Every record below is to be restated word for word.

[DATASET EXCERPTS]

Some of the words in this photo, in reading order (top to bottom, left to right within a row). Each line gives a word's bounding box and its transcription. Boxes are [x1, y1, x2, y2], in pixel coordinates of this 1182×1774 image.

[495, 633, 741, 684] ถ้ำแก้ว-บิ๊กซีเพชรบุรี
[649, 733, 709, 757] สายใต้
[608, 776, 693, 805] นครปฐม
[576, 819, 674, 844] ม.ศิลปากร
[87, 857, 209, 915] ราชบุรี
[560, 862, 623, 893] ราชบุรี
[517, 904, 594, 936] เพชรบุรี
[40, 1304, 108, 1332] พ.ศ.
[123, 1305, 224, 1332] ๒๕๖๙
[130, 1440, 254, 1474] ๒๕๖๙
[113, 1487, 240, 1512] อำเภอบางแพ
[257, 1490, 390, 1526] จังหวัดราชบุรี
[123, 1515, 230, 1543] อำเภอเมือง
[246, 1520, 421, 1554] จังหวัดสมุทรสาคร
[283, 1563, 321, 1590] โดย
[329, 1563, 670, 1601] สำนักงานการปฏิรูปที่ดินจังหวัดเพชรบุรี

[/DATASET EXCERPTS]

• _ANSWER TO THIS PROBLEM_:
Some of the words in this photo, in reading order (top to bottom, left to right within a row). Each line gives a word's bounding box and its transcription. Boxes are [x1, y1, x2, y2], in pixel coordinates of this 1182×1774 image.

[495, 633, 741, 684] ถ้ำแก้ว-บิ๊กซีเพชรบุรี
[649, 733, 709, 757] สายใต้
[608, 776, 693, 805] นครปฐม
[576, 819, 674, 844] ม.ศิลปากร
[87, 857, 209, 915] ราชบุรี
[560, 862, 623, 893] ราชบุรี
[517, 904, 594, 936] เพชรบุรี
[40, 1304, 108, 1332] พ.ศ.
[123, 1305, 224, 1332] ๒๕๖๙
[130, 1440, 254, 1474] ๒๕๖๙
[113, 1487, 240, 1512] อำเภอบางแพ
[257, 1490, 390, 1526] จังหวัดราชบุรี
[123, 1515, 230, 1543] อำเภอเมือง
[246, 1520, 421, 1554] จังหวัดสมุทรสาคร
[283, 1563, 321, 1590] โดย
[329, 1563, 670, 1601] สำนักงานการปฏิรูปที่ดินจังหวัดเพชรบุรี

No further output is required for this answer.